The biscuits were already done — golden and tall and exactly right — but the spirit behind them, that sense of making something from scratch with your mother’s hands guiding yours, sent me back to another recipe from the same binder: Danish Pancakes, delicate and thin and golden in a way that feels earned. When the revision is almost done and the tomatoes are in the ground and the kitchen is yours for a quiet hour, this is the kind of recipe you reach for — not because it’s complicated, but because it isn’t, and that simplicity is its own kind of gift. It’s Grandma Carol’s technique in a different form: flour, heat, patience, love.
Danish Pancakes
Prep Time: 10 minutes | Cook Time: 20 minutes | Total Time: 30 minutes | Servings: 4
Ingredients
- 2 cups all-purpose flour
- 2 tablespoons granulated sugar
- 1 teaspoon baking powder
- 1/2 teaspoon salt
- 2 large eggs
- 1 3/4 cups whole milk
- 2 tablespoons unsalted butter, melted, plus more for the pan
- 1 teaspoon pure vanilla extract
- Powdered sugar, fresh berries, or jam, for serving
Instructions
- Mix the dry ingredients. In a large bowl, whisk together the flour, sugar, baking powder, and salt until evenly combined.
- Combine the wet ingredients. In a separate bowl or large measuring cup, whisk together the eggs, milk, melted butter, and vanilla extract until smooth.
- Make the batter. Pour the wet ingredients into the dry ingredients and whisk gently until just combined — a few small lumps are fine. Do not overmix. Let the batter rest for 5 minutes while you heat the pan.
- Heat the pan. Warm a non-stick skillet or griddle over medium heat. Add a small pat of butter and swirl to coat. The pan is ready when a drop of water skitters and evaporates on contact.
- Cook the pancakes. Pour approximately 1/4 cup of batter per pancake onto the pan. Cook until bubbles form across the surface and the edges look set, about 2 minutes. Flip and cook the second side until lightly golden, about 1 to 1 1/2 minutes more. Repeat with remaining batter, adding butter to the pan as needed between batches.

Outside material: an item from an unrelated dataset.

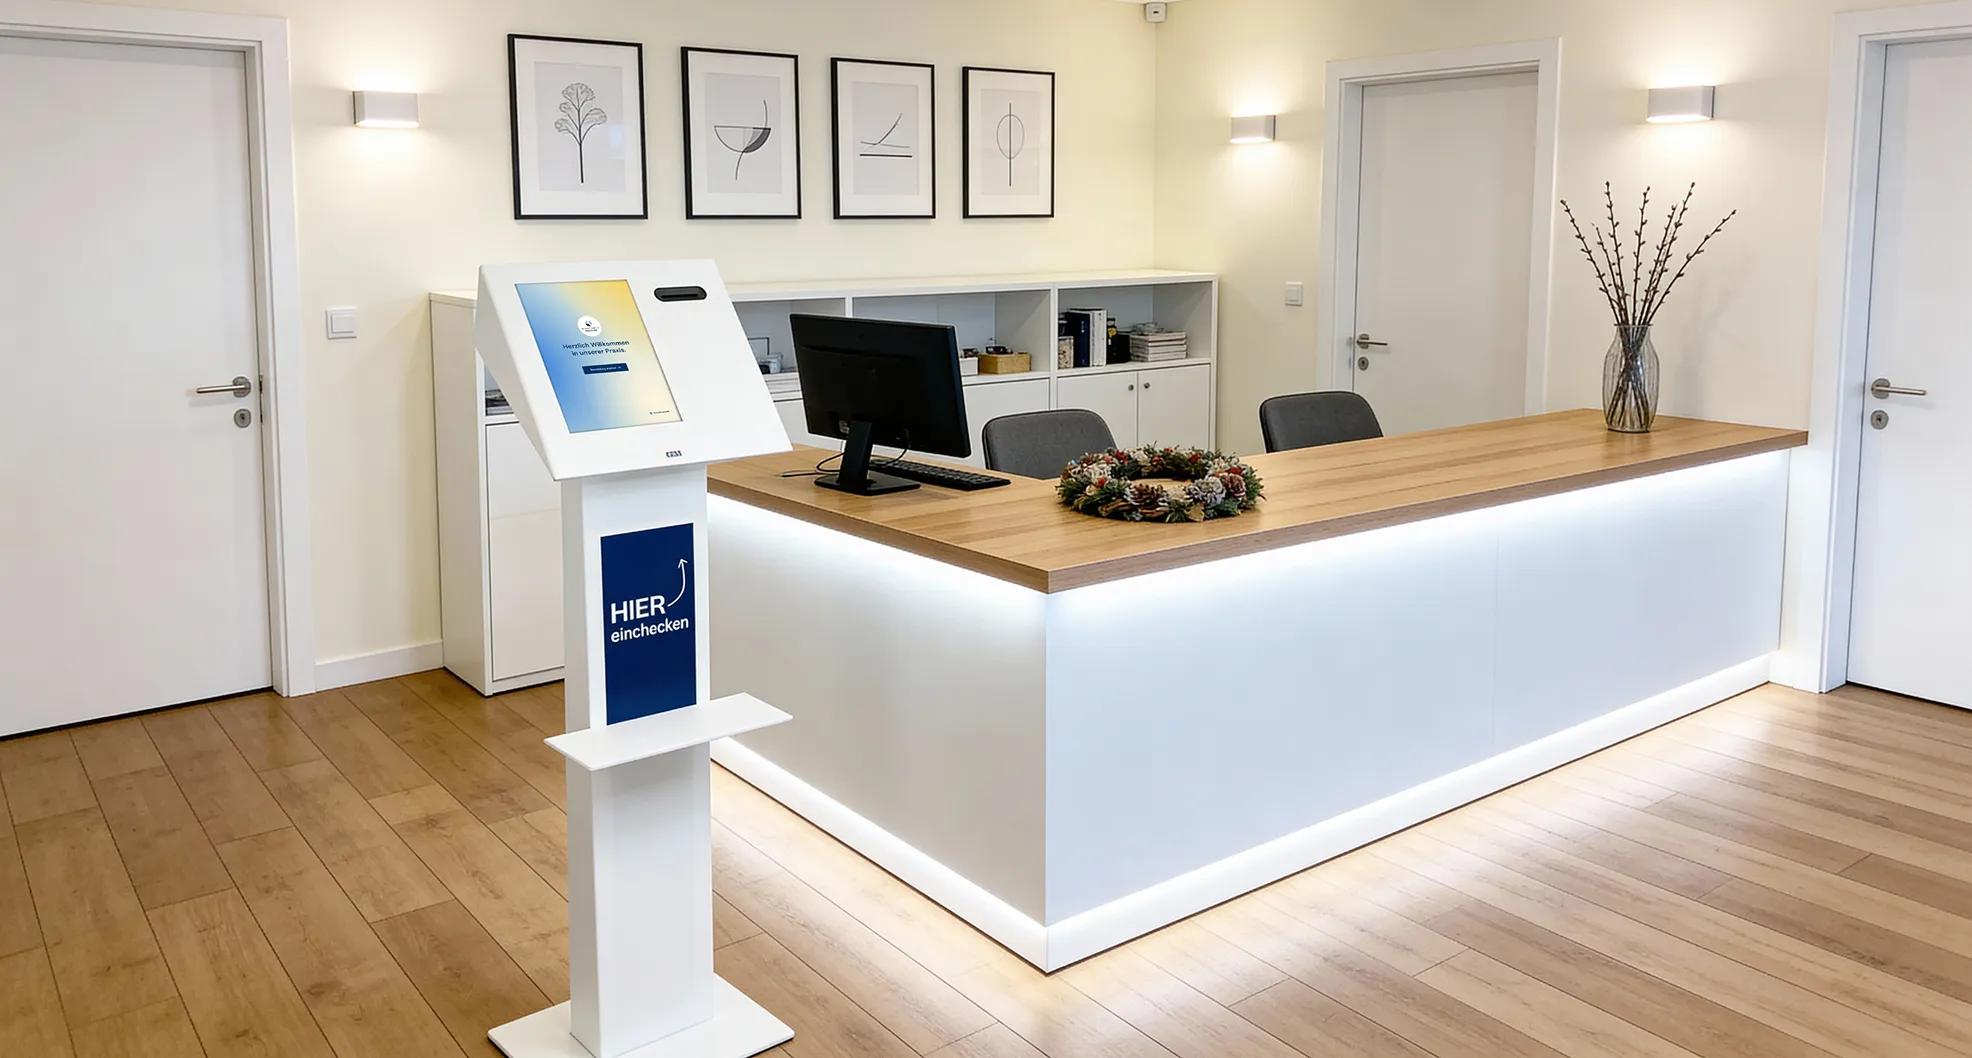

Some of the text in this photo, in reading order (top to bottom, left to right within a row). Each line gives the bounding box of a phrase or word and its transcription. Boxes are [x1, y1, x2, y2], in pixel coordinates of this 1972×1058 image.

- Serve warm. Stack the finished pancakes and dust with powdered sugar. Serve with fresh berries, a spoonful of jam, or simply as they are. They don’t need much.
Nutrition (per serving)
Calories: 320 | Protein: 10g | Fat: 9g | Carbs: 48g | Fiber: 1g | Sodium: 340mg
About the cook who shared this
Rachel Abernathy
Week 257 of Rachel’s 30-year story
· San Diego, California
Rachel is a twenty-eight-year-old Marine wife and mom of two who has moved five times in six years and learned to cook a Thanksgiving dinner with half her cookware still in boxes. She married young, survived postpartum depression, and feeds her family of four on a junior Marine's salary with a freezer full of pre-made meals and a crockpot that has never let her down. She writes for the military spouses who are cooking dinner alone in base housing and wondering if they're enough. You are.